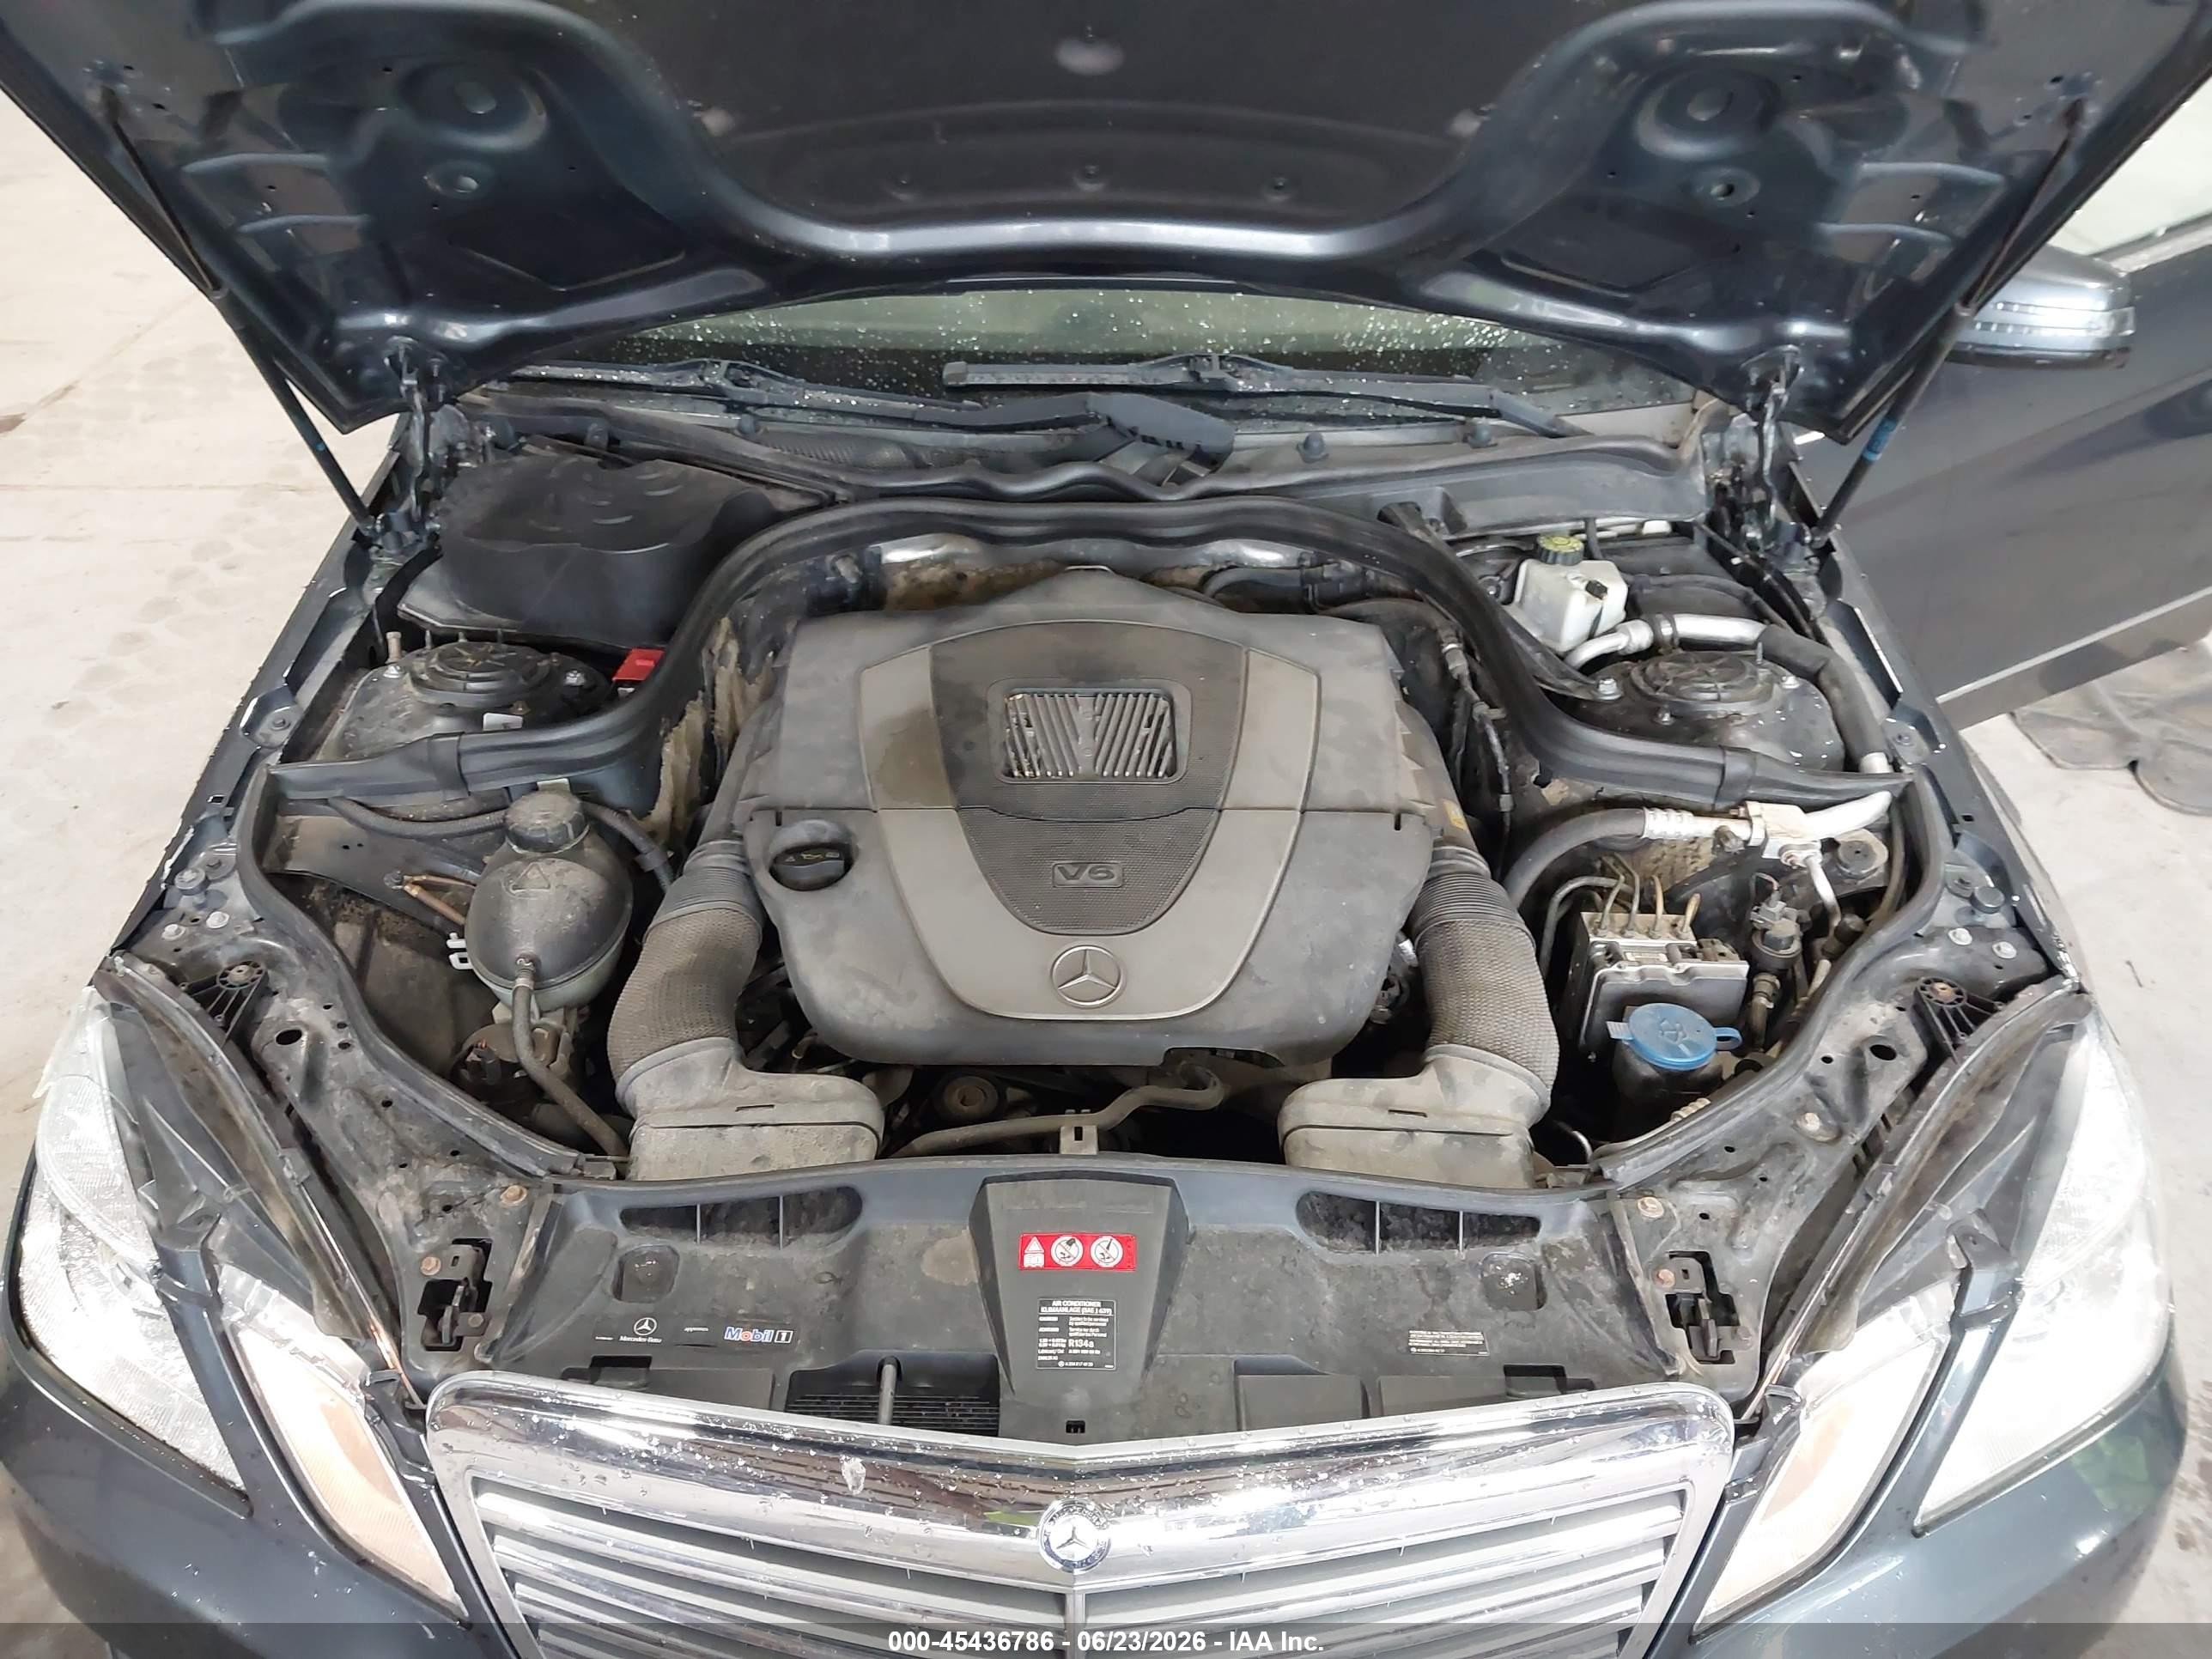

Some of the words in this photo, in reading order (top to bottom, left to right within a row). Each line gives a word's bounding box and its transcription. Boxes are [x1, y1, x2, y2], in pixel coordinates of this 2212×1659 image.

[1058, 865, 1115, 881] V6
[619, 1334, 662, 1343] Mercedes-Benz
[724, 1326, 774, 1343] Mobil
[1068, 1339, 1094, 1347] R134a
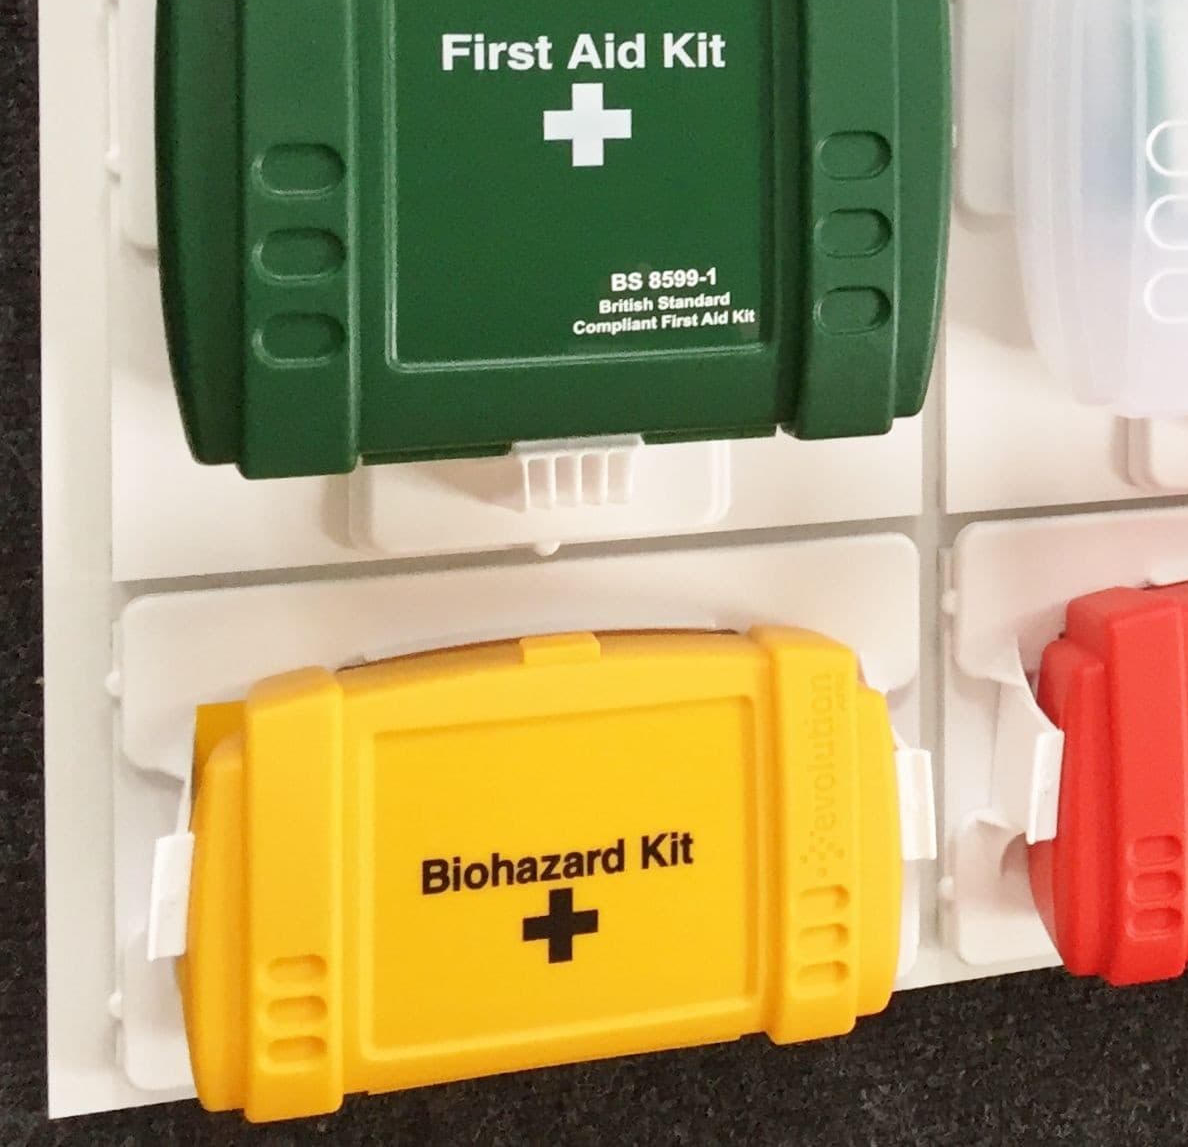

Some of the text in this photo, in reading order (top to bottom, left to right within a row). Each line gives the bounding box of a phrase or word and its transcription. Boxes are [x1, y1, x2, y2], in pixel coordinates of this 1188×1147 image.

[441, 32, 726, 70] First Aid Kit
[610, 267, 717, 292] BS 8599-1
[599, 292, 731, 314] British Standard
[572, 308, 756, 336] Compliant First Aid Kit
[421, 831, 695, 895] Biohazard Kit
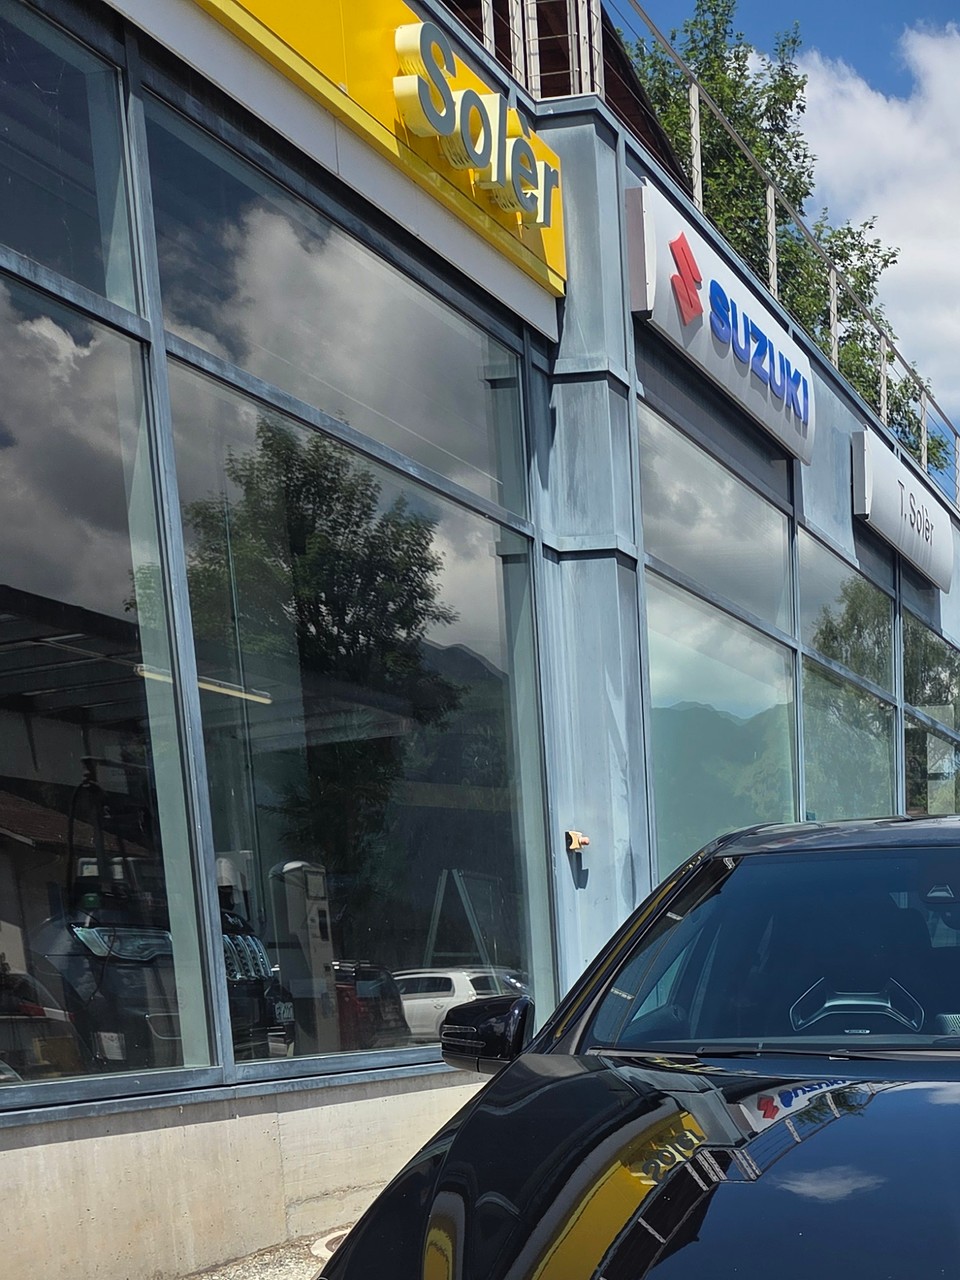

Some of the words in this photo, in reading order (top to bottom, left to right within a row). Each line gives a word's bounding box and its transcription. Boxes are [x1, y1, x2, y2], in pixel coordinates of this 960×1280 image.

[415, 21, 559, 228] Solèr
[709, 279, 808, 426] SUZUKI
[909, 493, 935, 546] Solèr
##############################
(What is required) Copy out exactly the lines between the line that contains "Some of the text" and the last line of the records, both ends included; leave out every picture.

(Solution)
Some of the text in this photo, in reading order (top to bottom, left to right within a row). Each line gives the bounding box of a phrase or word and its transcription. Boxes are [x1, y1, x2, y2], in pixel coordinates of this 1188×1147 image.

[441, 32, 726, 70] First Aid Kit
[610, 267, 717, 292] BS 8599-1
[599, 292, 731, 314] British Standard
[572, 308, 756, 336] Compliant First Aid Kit
[421, 831, 695, 895] Biohazard Kit

Some of the words in this photo, in reading order (top to bottom, left to right within a row). Each line gives a word's bounding box and its transcription. Boxes are [x1, y1, x2, y2], in pixel coordinates of this 960×1280 image.

[415, 21, 559, 228] Solèr
[709, 279, 808, 426] SUZUKI
[909, 493, 935, 546] Solèr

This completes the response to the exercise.